NEW YORK (CNNMoney) -- This holiday week hasn't been a happy one for Groupon. Its shares took a major hit for two days in a row.
A downturn in the broader market this week has hit tech stocks, but Groupon and other newly public startups have fallen even more than the rest of the sector on renewed dot-com bubble concerns.
Groupon (GRPN) shares plunged 10% on Monday and fell almost 15% on Tuesday to close at $20.07. That's mere pennies above the $20 price of Groupon's initial public offering earlier this month.
This year has been chock-full of Internet IPOs, and their typically large early gains have led to concerns about overvaluation.
Shares of business networking site LinkedIn (LNKD) were trading 7% lower for much of the session on Monday, the first day that some company insiders were allowed to dump the stock.
That phenomenon isn't exclusive to LinkedIn. It's typical for IPOs to include 180-day "lockup" agreements that prevent certain early investors from unloading their stakes.
Groupon's own lockup period ends May 2. Internet radio company Pandora's (P) ends on December 12, and real estate Zillow's (Z) expires January 16.

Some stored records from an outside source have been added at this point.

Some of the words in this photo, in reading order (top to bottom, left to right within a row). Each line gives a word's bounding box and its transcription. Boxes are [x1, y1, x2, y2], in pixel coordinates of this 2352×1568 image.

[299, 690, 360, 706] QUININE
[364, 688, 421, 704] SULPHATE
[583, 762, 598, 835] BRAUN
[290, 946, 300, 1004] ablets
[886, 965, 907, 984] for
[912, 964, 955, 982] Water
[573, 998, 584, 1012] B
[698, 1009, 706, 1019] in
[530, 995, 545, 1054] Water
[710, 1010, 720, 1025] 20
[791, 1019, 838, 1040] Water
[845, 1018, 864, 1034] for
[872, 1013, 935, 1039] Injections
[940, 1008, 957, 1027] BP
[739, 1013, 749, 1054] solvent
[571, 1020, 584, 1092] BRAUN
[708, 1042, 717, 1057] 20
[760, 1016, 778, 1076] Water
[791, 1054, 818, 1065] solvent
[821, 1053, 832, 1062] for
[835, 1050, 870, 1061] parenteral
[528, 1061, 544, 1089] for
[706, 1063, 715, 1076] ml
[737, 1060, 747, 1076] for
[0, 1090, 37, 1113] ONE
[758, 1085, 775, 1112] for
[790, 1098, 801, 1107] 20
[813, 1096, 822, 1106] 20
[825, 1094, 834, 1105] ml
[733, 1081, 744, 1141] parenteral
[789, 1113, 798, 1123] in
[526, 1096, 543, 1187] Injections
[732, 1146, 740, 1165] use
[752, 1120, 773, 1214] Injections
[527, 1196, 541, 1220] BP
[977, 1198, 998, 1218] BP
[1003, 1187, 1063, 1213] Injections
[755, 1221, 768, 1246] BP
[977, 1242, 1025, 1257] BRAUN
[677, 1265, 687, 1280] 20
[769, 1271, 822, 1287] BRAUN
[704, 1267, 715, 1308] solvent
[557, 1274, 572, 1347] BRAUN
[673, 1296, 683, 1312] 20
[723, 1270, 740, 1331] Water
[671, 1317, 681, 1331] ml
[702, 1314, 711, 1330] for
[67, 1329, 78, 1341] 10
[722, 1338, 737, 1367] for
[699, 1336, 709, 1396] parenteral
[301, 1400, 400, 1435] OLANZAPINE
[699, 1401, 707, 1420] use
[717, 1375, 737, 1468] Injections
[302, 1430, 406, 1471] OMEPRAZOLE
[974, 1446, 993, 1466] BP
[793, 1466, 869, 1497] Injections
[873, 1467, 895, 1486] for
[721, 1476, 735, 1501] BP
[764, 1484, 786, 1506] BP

Shares of all three of those companies fell after the LinkedIn news on Monday -- Zillow lost almost 13% and Pandora slipped about 3% -- and their losses extended on Tuesday. Investors are clearly concerned about others following LinkedIn's dour post-lockup path.
So far this year, investors have mostly shrugged off unprofitability and overvaluation concerns. But as 2011 is nearing its end, the honeymoon period might be too.